PROBLEM DESCRIPTION. Make an exact copy of all the entries below, with the pictures left out.

AVAILABLE RECORDS.
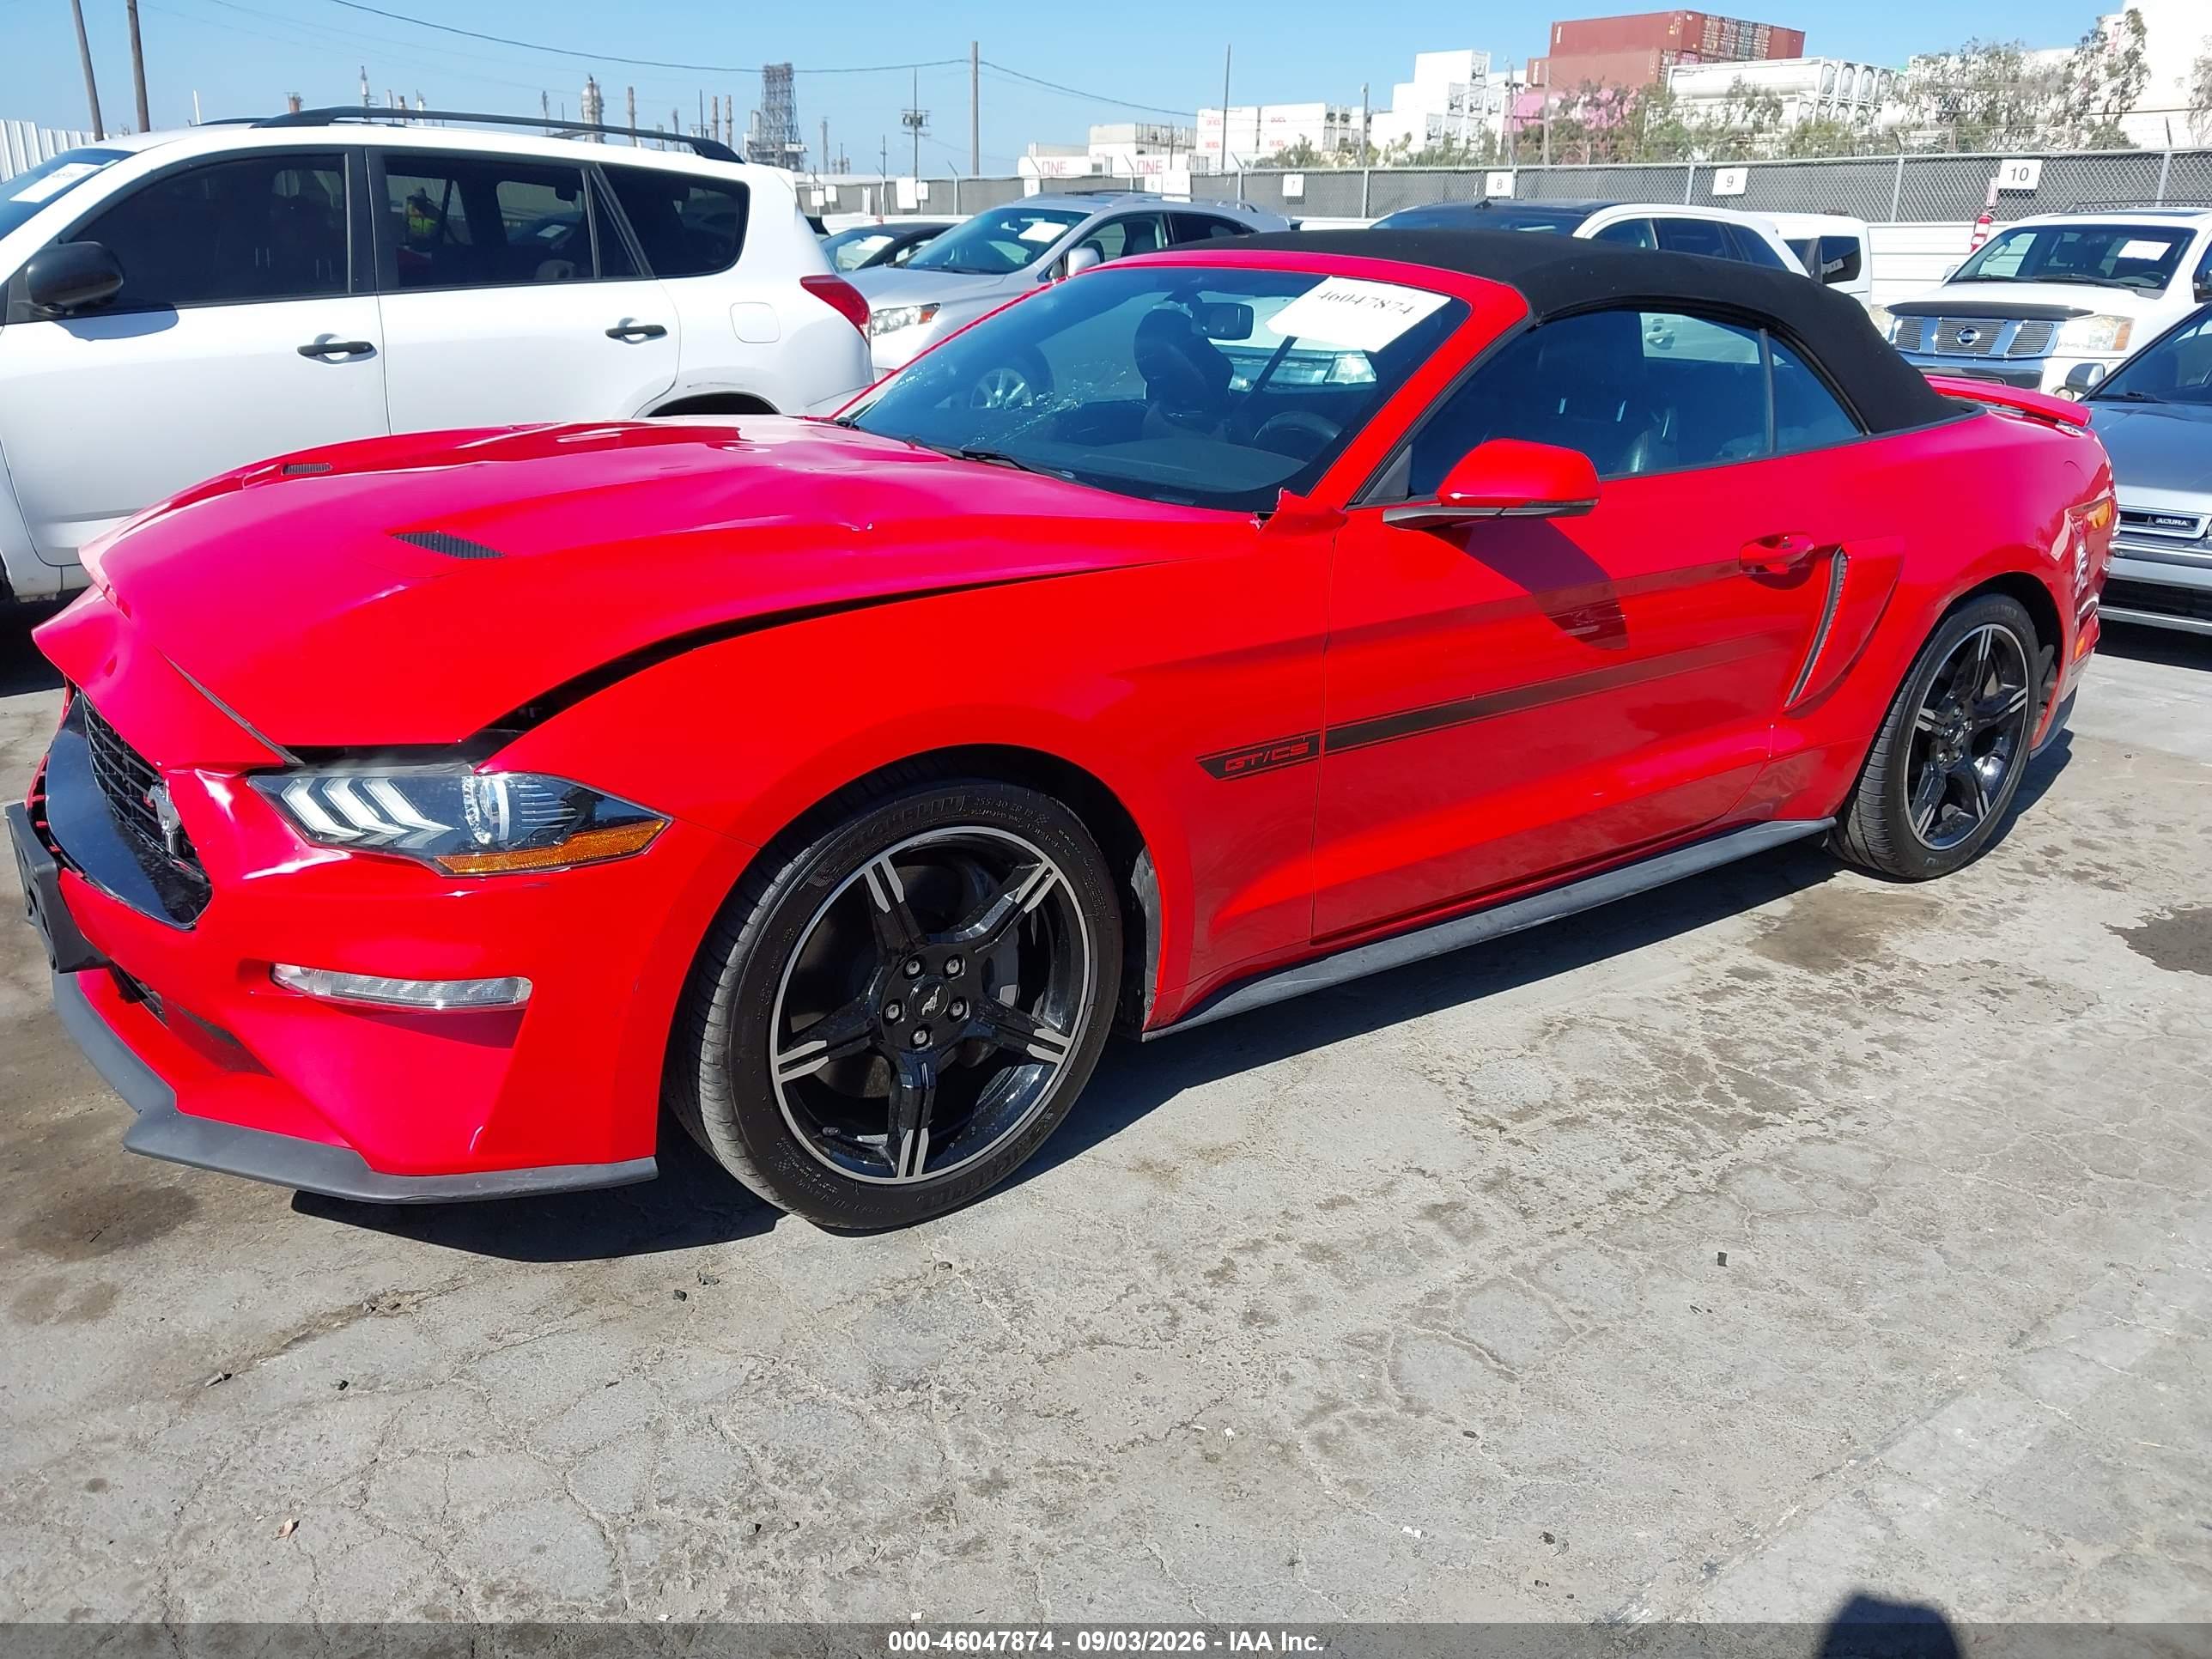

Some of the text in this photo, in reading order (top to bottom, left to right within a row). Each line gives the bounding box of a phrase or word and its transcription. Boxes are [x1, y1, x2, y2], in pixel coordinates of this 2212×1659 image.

[1042, 161, 1066, 175] ONE
[1136, 160, 1163, 174] ONE
[2010, 167, 2029, 181] 10
[1496, 179, 1503, 190] 8
[1726, 175, 1735, 188] 9
[1317, 290, 1415, 314] 46047874
[2155, 517, 2188, 526] ACURA
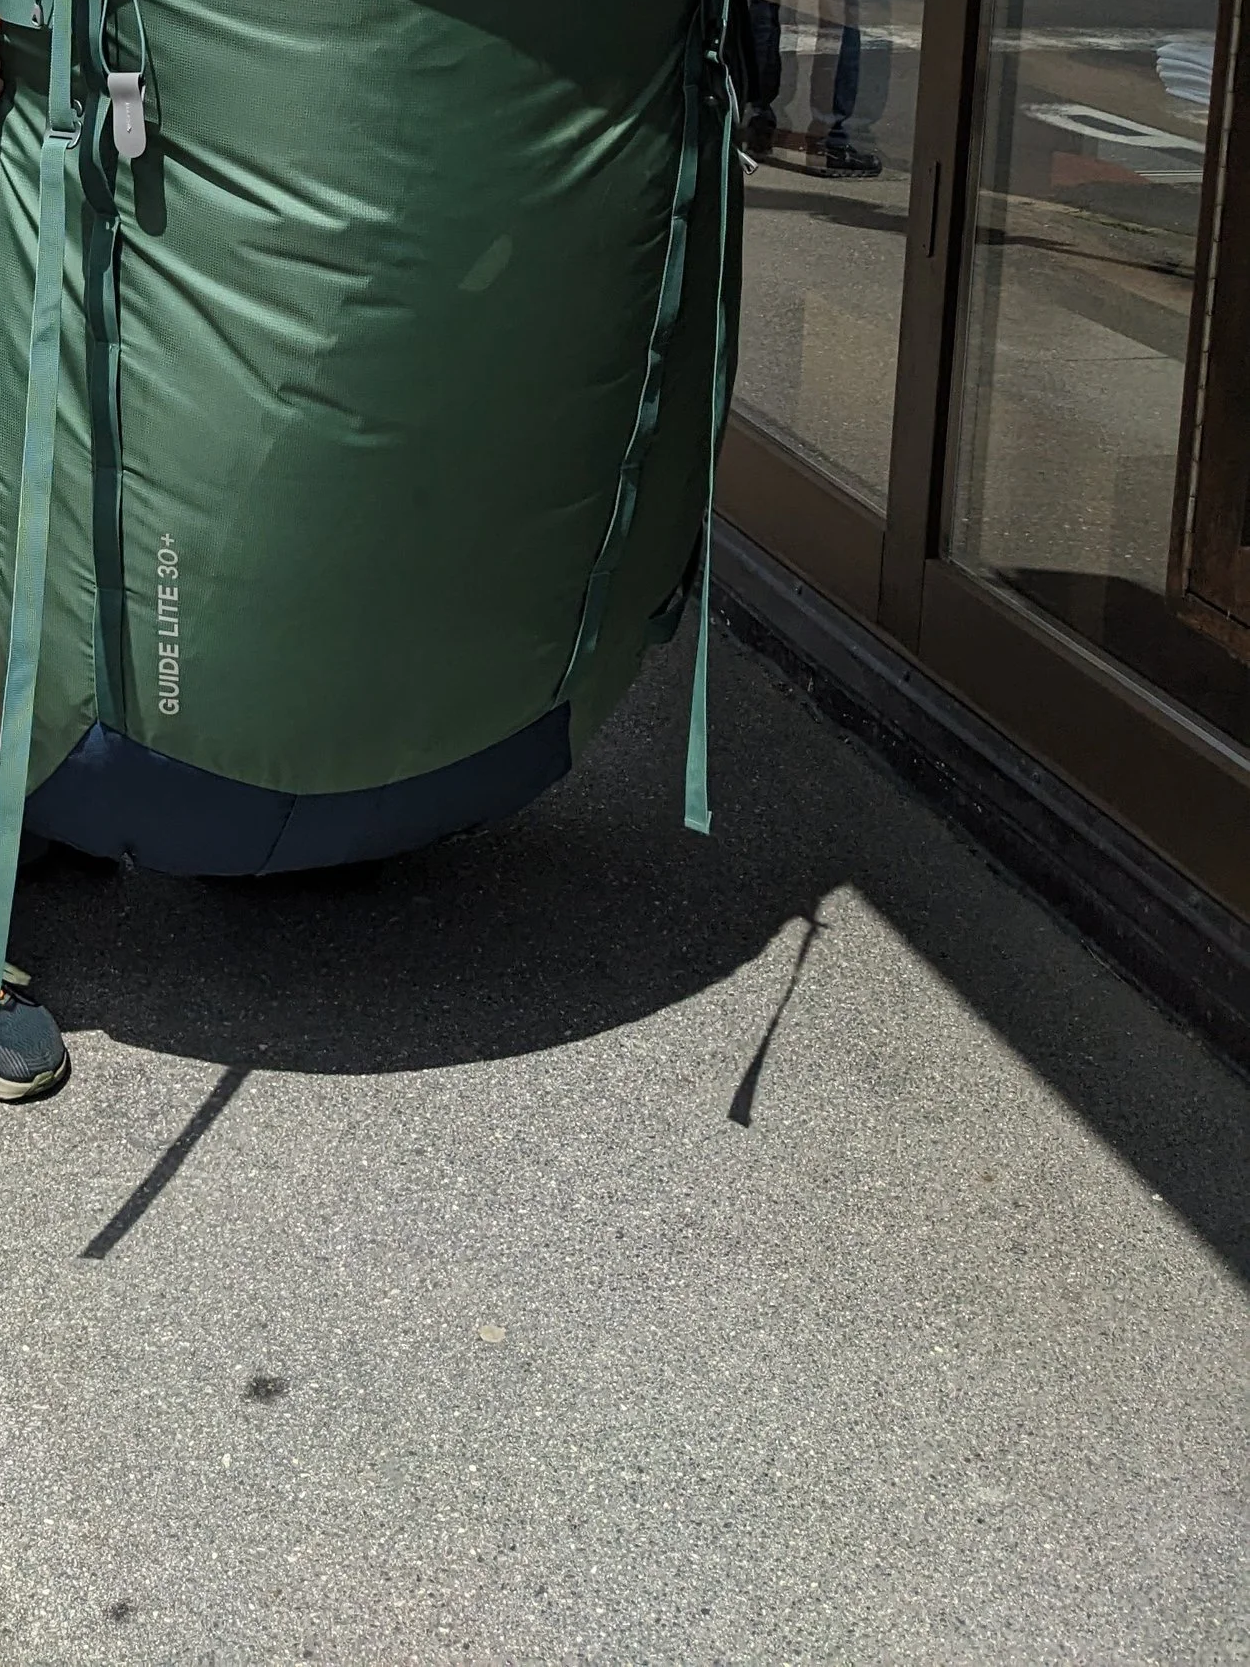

OUTPUT FOR THIS EXERCISE.
Some of the text in this photo, in reading order (top to bottom, left to right within a row). Each line gives the bounding box of a phrase or word and its transcription. Boxes are [x1, y1, x2, y2], in pixel coordinates of this 2212×1659 image.

[1042, 161, 1066, 175] ONE
[1136, 160, 1163, 174] ONE
[2010, 167, 2029, 181] 10
[1496, 179, 1503, 190] 8
[1726, 175, 1735, 188] 9
[1317, 290, 1415, 314] 46047874
[2155, 517, 2188, 526] ACURA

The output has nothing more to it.